He was clearly trying to apologize. Or impress her. Possibly both? She’d never had anyone bring home a dead bear before. She hadn’t even realized that she’d started thinking about Kylo’s cabin as _home_ until that very moment.

They skinned the thing and cut out its guts, which Kylo gave to some of the gathered greys. Then he cut off a portion of the meat for himself before calling to one of the other weres nearby. “Smoke it,” he told the were, who nodded and brought it away.

He put several chunks of meat into the pot he made stew in and set it over the fire before turning to her.

“I do trust you,” he said slowly. Shakily. As though it cost him more than she could understand to say. “But I also—”

“You don’t believe me,” she said quietly.

He jerked his head in a nod. He looked away from her, at the meat that was starting to sizzle.

She wondered if she should tell him what she’d heard Hux and Phasma saying, but after last night, she thought it was better not to.

Her stomach rumbled and his eyes snapped back to hers.

“We should get onions, potatoes—things to cook with it,” he said and off they went—this time to a long cabin that Rey hadn’t seen before which contained exactly the foodstuffs he’d mentioned. He didn’t pay anything. Rey got the sense that they didn’t use money in this encampment. Currency came in different forms. It was almost like Jakku in that regard. Then they returned to the cabin and he quickly cut an onion and added a potato to the meat.
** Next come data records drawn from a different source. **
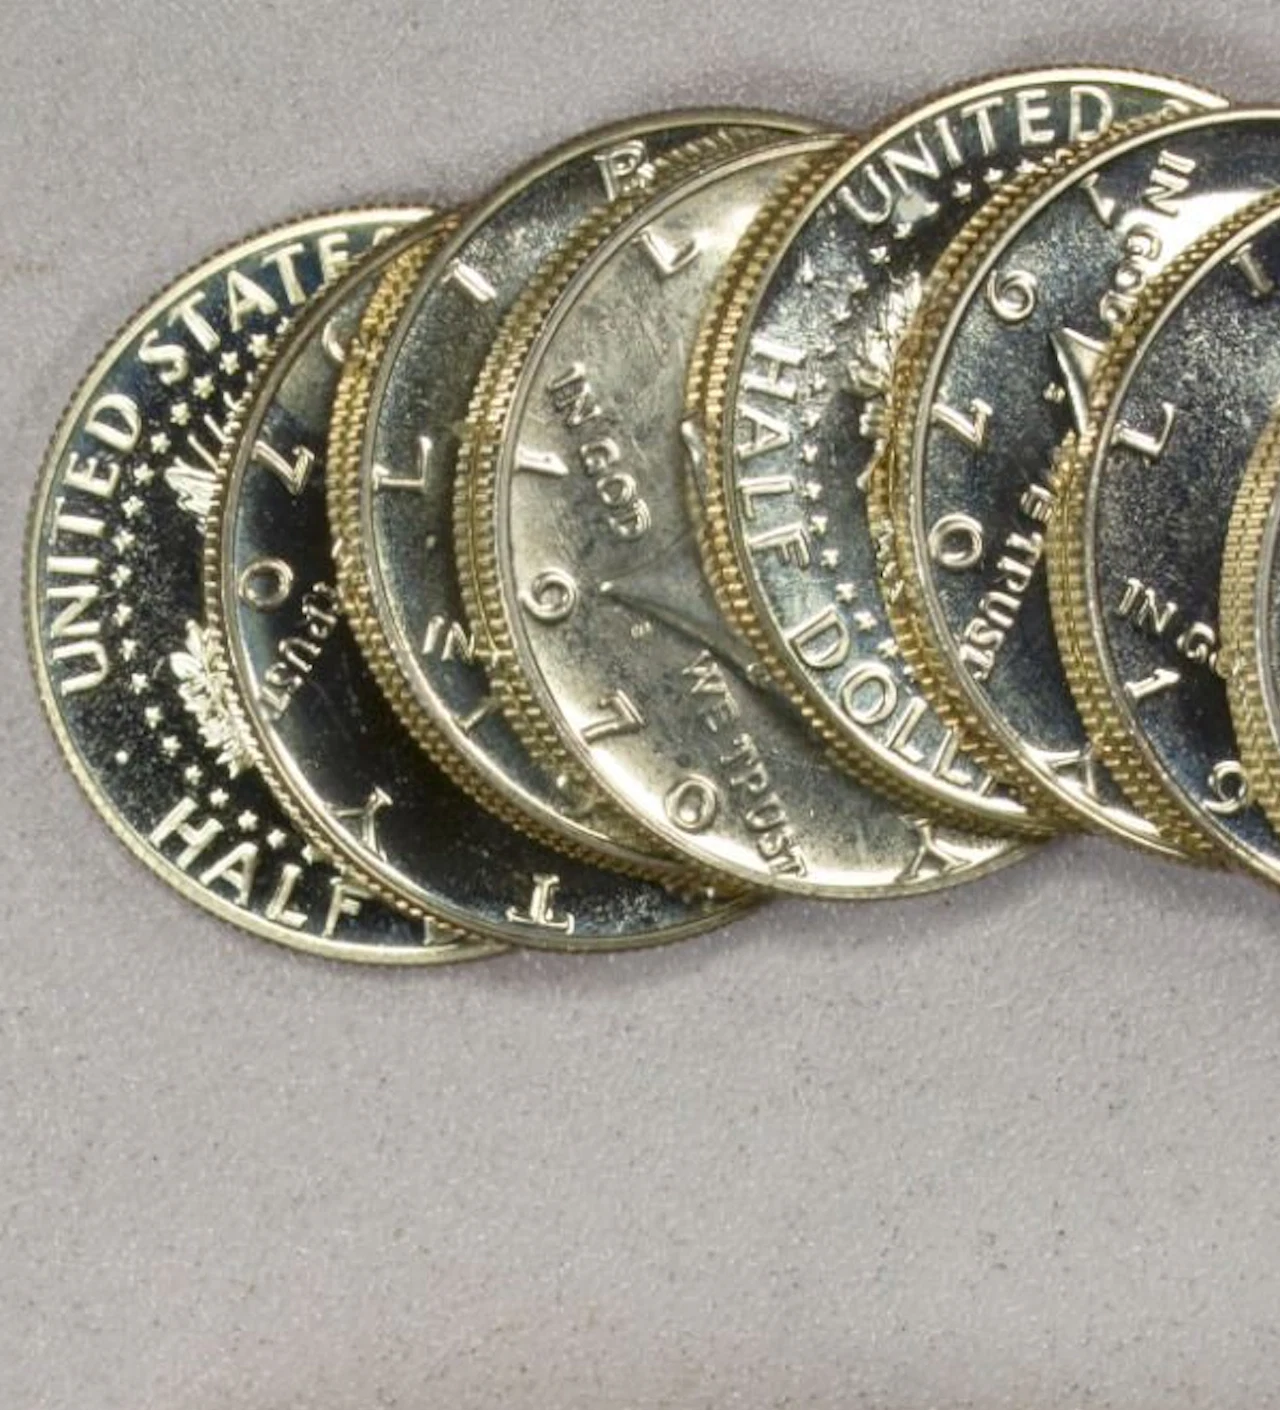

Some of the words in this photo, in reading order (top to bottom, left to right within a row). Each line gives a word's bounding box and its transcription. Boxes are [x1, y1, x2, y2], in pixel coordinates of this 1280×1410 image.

[836, 85, 1115, 226] UNITED
[45, 394, 142, 696] UNITED
[138, 229, 397, 386] STATE
[734, 335, 812, 569] HALF
[786, 604, 998, 797] DOLL
[516, 446, 718, 833] 1970
[958, 532, 1044, 682] TRUST
[151, 797, 370, 938] HALF
“I’m sorry—it will take longer to cook. I know you’re hungry,” he said quietly.

Rey shrugged. She’d been hungrier. She was just glad that he was back and that the anxiety that had been gnawing at her stomach that morning was gone.

“I trust you,” he said again. “But I do think there are things you don’t understand—that you can’t understand. That you’re blinded by what you want to see, what you hate in Snoke. I know he made a bad first impression—” Rey’s eyebrows shot up and Kylo’s voice quickened, “But I promise you he is no worse than my mother or my uncle. No one is perfect when they hold power. And at least he isn’t my blood. It hurts worse, coming from blood.”

Oh, how truly Rey knew that. But at the same time, hearing the words from his lips, she was not convinced. She was sure she did not look convinced either. “I don’t think this is right,” she whispered to him. “Something doesn’t fit, Ben. Surely you know that?”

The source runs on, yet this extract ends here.